Añorando a Bush
En otoño le quedarán a George W. Bush por cumplir esos dos últimos años de la segunda legislatura en los que los presidentes norteamericanos son tachados de lame ducks, patos cojos, por su escasa cuando no nula capacidad de iniciar nuevos procesos políticos. Pasada la renovación parcial del Congreso en noviembre comienzan los ajustes a nuevas mayorías, a la correlación de fuerzas y cambios de prioridades. Con la carrera hacia la Casa Blanca de los candidatos a la presidencia, el aún inquilino entra en eclipse definitivo. Lo cierto es que Bush entró en fase de esclerosis mucho antes. Sus índices de popularidad interior, bajo mínimos, pueden variar pero ya serán irrelevantes para lo que queda de mandato. Y en el exterior, la demonización del personaje ha alcanzado un nivel -muchos dirán que merecido pero en todo caso irracional- que ya cualquier esfuerzo por contrarrestarla sería perder tiempo y dinero.

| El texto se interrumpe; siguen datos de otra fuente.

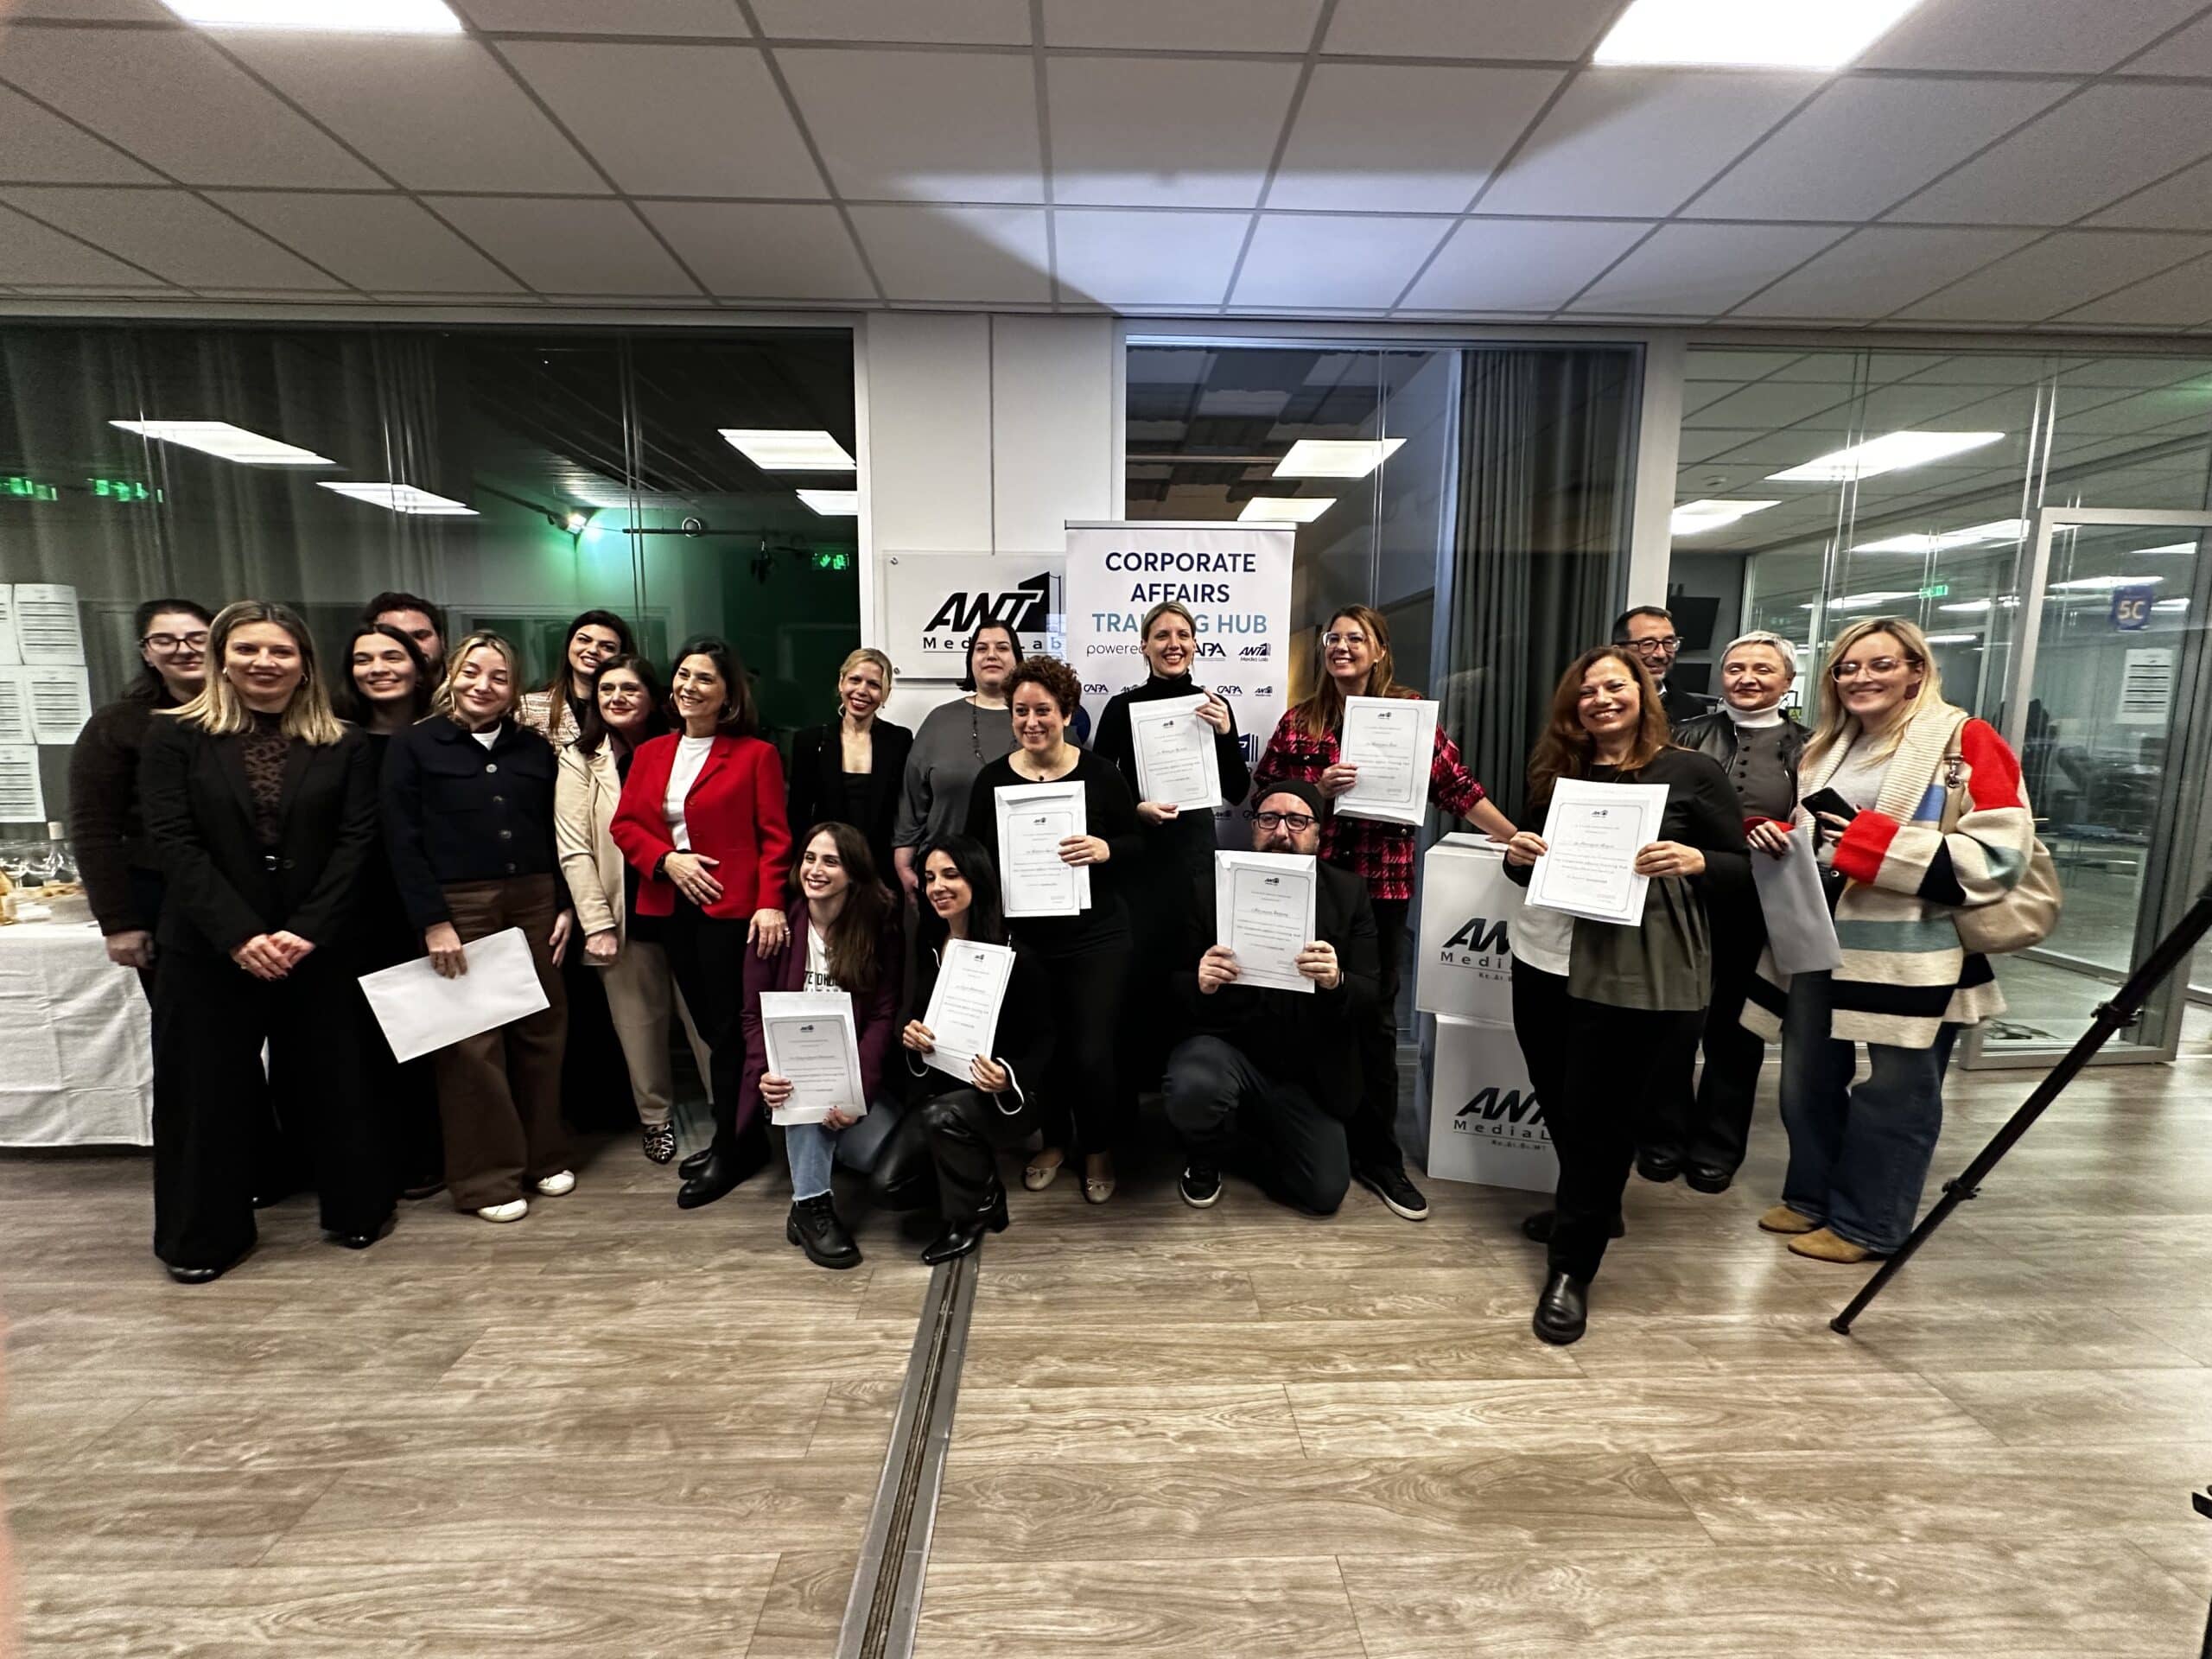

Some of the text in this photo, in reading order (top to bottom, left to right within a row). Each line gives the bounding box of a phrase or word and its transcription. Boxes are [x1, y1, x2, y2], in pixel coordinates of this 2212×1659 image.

[1105, 552, 1256, 572] CORPORATE
[1130, 583, 1230, 602] AFFAIRS
[1217, 614, 1267, 633] HUB
[1084, 683, 1109, 693] CAPA
[1217, 685, 1243, 694] CAPA

El hecho de que la responsabilidad de este desastroso balance de las relaciones públicas de la Administración de Bush sea en inmensa medida propia no puede hacer olvidar que supone un revés objetivo para la seguridad común de las democracias. Y, como se ha visto en los últimos dos años, también un gran acicate para sus enemigos. No para sus críticos, tan preocupados con las derivas insensatas del presidente como con el rearme general de los enemigos reales. Para éstos, tan apasionados y obsesivos en el islamismo radical como en la paleoizquierda europea y muy especialmente en este nuestro triunfante pensamiento new age carpetovetónico, el haber encontrado una imagen tan plausible del mal absoluto como el tejano ha supuesto un inmenso salto cualitativo en su capacidad de convocatoria y conjura. Según las encuestas los españoles están entre los más convencidos de que Bush es peor y más peligroso que todo, de la misma forma que Santiago Carrillo considera que el Partido Popular tiene más vocación asesina que ETA porque a ésta se le ha pasado. El fanatismo religioso antioccidental y la nueva izquierda mágica comparten a un Belcebú que les ha venido literalmente "de miedo" en estos últimos años para la movilización de la bondad en contra de los enemigos de la paz.

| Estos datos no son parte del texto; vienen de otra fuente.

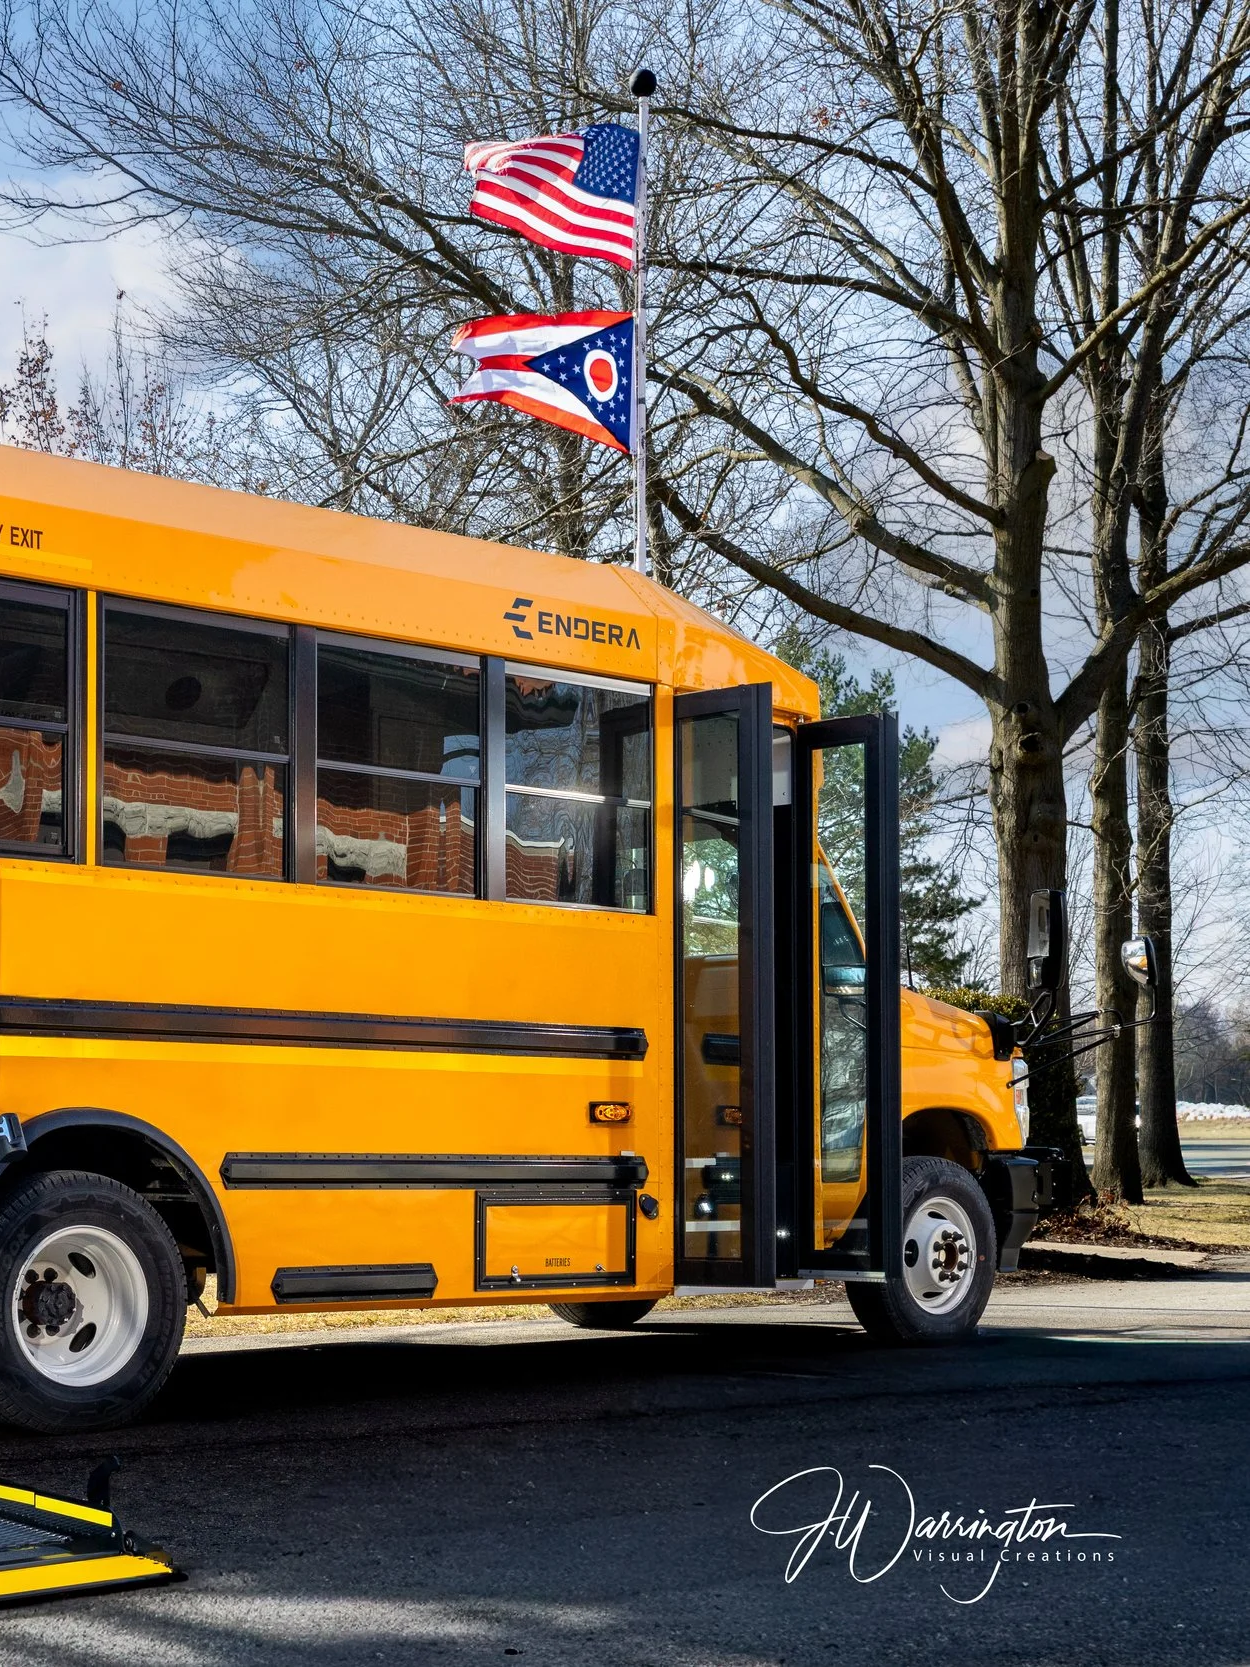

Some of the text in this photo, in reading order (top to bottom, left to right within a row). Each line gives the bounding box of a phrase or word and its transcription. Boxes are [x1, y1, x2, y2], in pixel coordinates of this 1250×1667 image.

[10, 526, 43, 549] EXIT
[538, 611, 641, 650] ENDERA
[545, 1257, 570, 1267] BATTERIES

Pero George W. Bush se nos jubila. Forzosamente. En la práctica hace mutis ya y sus enemigos se enfrentan a tiempos de confusión y zozobra. Porque los problemas, algunos de ellos con cierto peligro, continúan. Véase Afganistán, donde España ya tenía militares muertos de diverso rango, dependiendo si viajaban en avión o helicóptero, en una legislatura u otra. Y vuelve a haber ataques a españoles, difícilmente achacables a denostadas políticas belicistas pasadas. Hay muertos de la OTAN porque hay allí soldados defendiendo a un régimen que intenta implantar unas normas parecidas, sólo parecidas, a las que rigen en los países democráticos y lo hacen sin suficientes tropas y medios.
Durante un lustro quienes propusieron y designaron tal objetivo han tenido miedo a sus propias decisiones. Han dejado que los talibanes, entonces derrotados, dispersos y en fuga, se hayan reorganizado y exploten ahora todas las divisiones y la falta de tenacidad y voluntad de los occidentales que la población afgana percibe perfectamente. El fracaso por absoluta inacción y falta de dinero para acometer la lucha contra la producción del opio es a la vez sintomático y decisivo en el cambio de ambiente. La situación en Afganistán por lo demás cada vez se parece más a la de Irak. La incapacidad política de hacer unas ocupaciones militares reales, como en Alemania o Japón, ha llevado a atajos con errores masivos, arrogancia e incompetencias inconcebibles y a la continua lucha entre el parche militar y el desistimiento. Cuando los Gobiernos europeos y el pacifismo totalizador se queden sin Bush será todo más difícil de explicar, desde los vuelos secretos de prisioneros hasta los muertos propios. Todos echarán de menos a Belcebú.